It is easy for me, as a second generation Filipino-Australian, to sit atop my high horse and dispense commentary on the political, social, and economic conditions of a country that I have little first hand experience with. And, it is easy for me to tell my kababayans to resist their first impulse to become nurses, which would make them eligible for skilled workers visas. Yet such is the situation in my homeland. However, I am self-aware enough to understand that whatever I may say is insulting to the people who are currently there, and work tirelessly to “fix” the current state of affairs. After all, this is merely the simplistic observation of an outsider.
And, yet, this — being an outsider — is something I feel I have always been.
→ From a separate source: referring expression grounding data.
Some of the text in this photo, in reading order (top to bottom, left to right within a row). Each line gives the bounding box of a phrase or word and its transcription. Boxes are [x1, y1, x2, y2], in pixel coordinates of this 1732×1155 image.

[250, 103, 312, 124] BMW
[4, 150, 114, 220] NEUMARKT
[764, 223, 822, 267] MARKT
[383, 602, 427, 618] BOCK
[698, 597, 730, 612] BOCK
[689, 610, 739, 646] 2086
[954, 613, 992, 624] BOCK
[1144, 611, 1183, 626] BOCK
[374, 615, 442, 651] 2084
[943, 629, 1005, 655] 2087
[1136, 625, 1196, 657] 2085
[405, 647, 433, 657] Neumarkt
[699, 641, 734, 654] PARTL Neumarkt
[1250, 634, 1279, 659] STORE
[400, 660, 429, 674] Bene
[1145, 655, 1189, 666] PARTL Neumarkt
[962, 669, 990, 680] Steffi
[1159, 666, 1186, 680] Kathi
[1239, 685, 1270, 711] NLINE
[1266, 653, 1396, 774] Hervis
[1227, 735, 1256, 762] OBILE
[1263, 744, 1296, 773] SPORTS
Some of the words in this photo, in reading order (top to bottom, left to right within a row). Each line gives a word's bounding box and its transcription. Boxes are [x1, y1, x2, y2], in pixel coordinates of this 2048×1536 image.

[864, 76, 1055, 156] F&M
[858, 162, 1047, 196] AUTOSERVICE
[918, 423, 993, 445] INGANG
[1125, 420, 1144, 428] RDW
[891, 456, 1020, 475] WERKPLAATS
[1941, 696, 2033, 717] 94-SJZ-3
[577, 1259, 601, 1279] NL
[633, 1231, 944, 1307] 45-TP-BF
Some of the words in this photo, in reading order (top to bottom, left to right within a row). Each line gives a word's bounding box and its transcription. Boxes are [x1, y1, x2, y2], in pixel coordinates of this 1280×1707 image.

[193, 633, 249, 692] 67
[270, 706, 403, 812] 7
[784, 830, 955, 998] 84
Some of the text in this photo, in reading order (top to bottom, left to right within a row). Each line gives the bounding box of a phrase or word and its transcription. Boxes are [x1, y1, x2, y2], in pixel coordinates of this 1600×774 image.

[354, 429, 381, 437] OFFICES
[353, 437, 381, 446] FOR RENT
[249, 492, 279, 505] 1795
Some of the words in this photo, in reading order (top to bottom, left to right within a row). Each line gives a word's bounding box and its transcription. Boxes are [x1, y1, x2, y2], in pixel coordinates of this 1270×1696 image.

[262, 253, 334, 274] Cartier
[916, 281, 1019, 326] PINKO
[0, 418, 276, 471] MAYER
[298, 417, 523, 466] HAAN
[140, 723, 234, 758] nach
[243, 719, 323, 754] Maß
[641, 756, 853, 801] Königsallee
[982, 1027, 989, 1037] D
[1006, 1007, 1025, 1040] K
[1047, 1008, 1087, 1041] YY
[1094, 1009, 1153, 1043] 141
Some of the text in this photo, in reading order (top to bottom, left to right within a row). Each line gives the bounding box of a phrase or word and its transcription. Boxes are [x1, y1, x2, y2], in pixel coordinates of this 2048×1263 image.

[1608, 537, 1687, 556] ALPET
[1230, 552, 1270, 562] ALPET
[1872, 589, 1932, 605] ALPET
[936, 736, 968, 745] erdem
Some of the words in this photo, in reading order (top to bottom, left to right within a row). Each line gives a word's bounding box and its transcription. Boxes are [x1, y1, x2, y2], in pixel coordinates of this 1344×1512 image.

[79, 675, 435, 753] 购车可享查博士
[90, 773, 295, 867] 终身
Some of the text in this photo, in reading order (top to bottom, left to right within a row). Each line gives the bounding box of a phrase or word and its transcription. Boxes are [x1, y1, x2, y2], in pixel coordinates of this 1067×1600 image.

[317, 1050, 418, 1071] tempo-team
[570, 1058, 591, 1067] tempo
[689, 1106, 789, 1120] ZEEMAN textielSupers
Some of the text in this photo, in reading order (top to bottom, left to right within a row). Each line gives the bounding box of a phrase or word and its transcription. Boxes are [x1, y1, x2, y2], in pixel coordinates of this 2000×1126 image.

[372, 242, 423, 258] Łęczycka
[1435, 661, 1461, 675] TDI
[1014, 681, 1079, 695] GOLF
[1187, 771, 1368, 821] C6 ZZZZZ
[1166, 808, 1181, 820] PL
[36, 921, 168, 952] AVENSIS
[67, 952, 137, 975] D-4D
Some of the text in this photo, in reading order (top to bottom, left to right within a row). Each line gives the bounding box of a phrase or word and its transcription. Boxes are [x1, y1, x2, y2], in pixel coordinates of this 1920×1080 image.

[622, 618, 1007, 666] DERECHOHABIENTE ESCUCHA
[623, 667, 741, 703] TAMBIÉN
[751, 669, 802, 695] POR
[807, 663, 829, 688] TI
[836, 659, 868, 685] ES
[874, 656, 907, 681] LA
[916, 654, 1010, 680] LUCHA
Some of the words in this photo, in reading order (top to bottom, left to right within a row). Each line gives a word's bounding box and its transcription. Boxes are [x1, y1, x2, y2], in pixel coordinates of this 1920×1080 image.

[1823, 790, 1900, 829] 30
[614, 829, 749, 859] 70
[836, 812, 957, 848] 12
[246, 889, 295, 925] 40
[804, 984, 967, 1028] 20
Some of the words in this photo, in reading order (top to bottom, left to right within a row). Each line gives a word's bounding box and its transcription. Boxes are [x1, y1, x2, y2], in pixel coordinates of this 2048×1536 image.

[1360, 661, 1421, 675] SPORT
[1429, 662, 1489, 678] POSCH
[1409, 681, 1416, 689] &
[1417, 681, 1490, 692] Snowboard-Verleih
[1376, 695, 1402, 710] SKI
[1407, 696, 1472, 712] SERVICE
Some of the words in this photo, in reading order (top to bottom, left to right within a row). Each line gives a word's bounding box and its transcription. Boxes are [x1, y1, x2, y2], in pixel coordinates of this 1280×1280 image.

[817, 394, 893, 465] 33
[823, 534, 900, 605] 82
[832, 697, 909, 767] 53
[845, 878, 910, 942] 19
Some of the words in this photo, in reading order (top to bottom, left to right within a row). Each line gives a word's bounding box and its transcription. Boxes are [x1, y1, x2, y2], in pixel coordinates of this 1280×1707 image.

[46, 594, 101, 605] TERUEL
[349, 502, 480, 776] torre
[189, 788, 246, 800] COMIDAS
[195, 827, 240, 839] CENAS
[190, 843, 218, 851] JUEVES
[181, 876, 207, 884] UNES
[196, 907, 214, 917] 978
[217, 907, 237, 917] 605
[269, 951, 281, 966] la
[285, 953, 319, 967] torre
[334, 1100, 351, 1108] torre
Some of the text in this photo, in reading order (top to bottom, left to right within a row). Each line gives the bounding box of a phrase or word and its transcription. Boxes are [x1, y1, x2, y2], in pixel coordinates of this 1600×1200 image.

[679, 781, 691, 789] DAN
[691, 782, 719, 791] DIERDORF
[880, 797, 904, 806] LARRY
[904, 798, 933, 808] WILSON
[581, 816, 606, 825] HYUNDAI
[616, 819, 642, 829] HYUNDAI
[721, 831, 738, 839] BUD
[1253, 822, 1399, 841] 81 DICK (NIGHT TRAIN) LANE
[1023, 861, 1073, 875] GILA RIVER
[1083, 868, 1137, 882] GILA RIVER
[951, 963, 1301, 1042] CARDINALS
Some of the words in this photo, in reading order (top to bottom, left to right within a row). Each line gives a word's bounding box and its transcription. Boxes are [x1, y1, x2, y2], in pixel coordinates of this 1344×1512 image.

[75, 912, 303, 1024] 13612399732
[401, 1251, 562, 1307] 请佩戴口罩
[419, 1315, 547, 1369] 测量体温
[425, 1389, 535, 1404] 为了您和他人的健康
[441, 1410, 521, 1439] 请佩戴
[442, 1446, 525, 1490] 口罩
I was — am — restless. When I was younger, I straddled two cultures that were often in conflict with one another; ever burdened by being a double-barrelled Australian: a ‘Fil-Oz’. This identity crisis manifested itself into my burgeoning wanderlust — as an Antipodean, so isolated from the world, it was inevitable. So, with Kerouacian aplomb, I attempted to find myself. It was a journey that took me to interesting locales in Europe, the beaches of Hawaii, the bustling streets of Shanghai, and (twice!) to the Philippines.
But it was not just fellow Australians I came across overseas. It’s self-explanatory as to who else I met when I say: It’s surreal to eat dinuguan in Barcelona, and to know that somewhere, out there in the world, at any one time, Wowowee is being watched by an overseas worker or migrant, reminding them of home. There is something quite fantastic about that, and yet so implicitly disheartening, too. But the Filipino diaspora, what motivates Filipinos to journey abroad, is a complex subject. For the second-generation who have grown up overseas, the Filipino identity becomes less defined than it once was — if it was ever a source of identity for them in the first place.
I am still finding myself because I am still learning. I attempt to carve out a legacy based on my parents’ expectations while simultaneously fulfilling my own. But I no longer define myself solely by my citizenship any more than I do by my heritage. I am my mother and father’s daughter, I am a proud second-generation Australian, I am a Filipina with a strong social conscience, I am the sum of many parts. I am a site for cultural tensions, the vessel for new ideas, and an agent of change. I pledge allegiance to myself, guided by my own principles, and I am not motivated by any kind of patriotism.
While I feel I have no intrinsic obligation towards the Philippines, I would be lying if I said it doesn’t make up a big part of who I am. My desire to work in the sustainable development sector of the Philippines stems from the simple fact that it is what I know, and I have come to create a connection with it. But I also know the feeling of apathy too well, of being overwhelmed by a task that seems so monumental; that perhaps it is easier, more sustainable for your own, personal, livelihood, and maybe that of your family’s, to move abroad and build a life elsewhere, and contribute, instead, to whatever society you happen to create your new home in.
There is something to be said about the fight-or-flight response. You runaway because you feel paralysed to clean up a mess you had no hand in creating, or you stay and fight, but you may be missing out on a big opportunity to live a different — simpler — life by doing so. There is nothing wrong with either tactic. It’s all part of the greater strategy of living a life free from the ‘big’ problems, the various political crises that plague the country, and the slums that exist beside the megamalls. Because stability begets a future.
My parents chose to flee, so that I could come back and fight. This isn’t an unrealistic, noble crusade — no, this is something grittier, less sentimental than the naive idealism of a Generation Y-er. The pithy catch cries of “Make Poverty History” and “People Power” become overused, tired platitudes; they ring hollow because they remain words. Grassroots change is only, ever as effective as an institutional and governmental one — of this, I am sure, we are all aware. The Filipino story is too familiar, too frustrating to address.
It is easy, as I said, as an outsider to make these value judgements. It is easy for me to declare that the bad habits of the past are doomed to be repeated if there is no one to change them, as we easily settle into complacency in the aftermath of yet another, unrealised protest. So long as matinee-idols continue to star in telenovellas; so long as remittances from family abroad are on time; so long as nurses are needed overseas; and so long as young politicians with stars in their eyes are eaten, chewed, and spat out by an unforgiving system, then there is no need for change. This is an activist’s fight, not the everyday Filipino’s, least of all the second-generation migrants who live abroad.
But what do I really know? I’m a keen student, so teach me by example. And be angry. Be angry that a privileged outsider has the audacity to criticise a situation she won’t ever, truly understand.
I believe in what I believe in, not because it is trendy, not because Bono tells me to, not because the feeling of being morally superior gives me smug satisfaction, and not necessarily because I feel an obligation to as a balikbayan. I believe, simply, that it is good. The “greater good” can often be difficult to find in the quagmire of corruption and poverty; so when you do find it, you have to hold on to it, because it’s worth making lots of noise about — worth fighting for.
Our lives are often a giant morality play, and in it we are all heroes, but apathy is our greatest antagonist.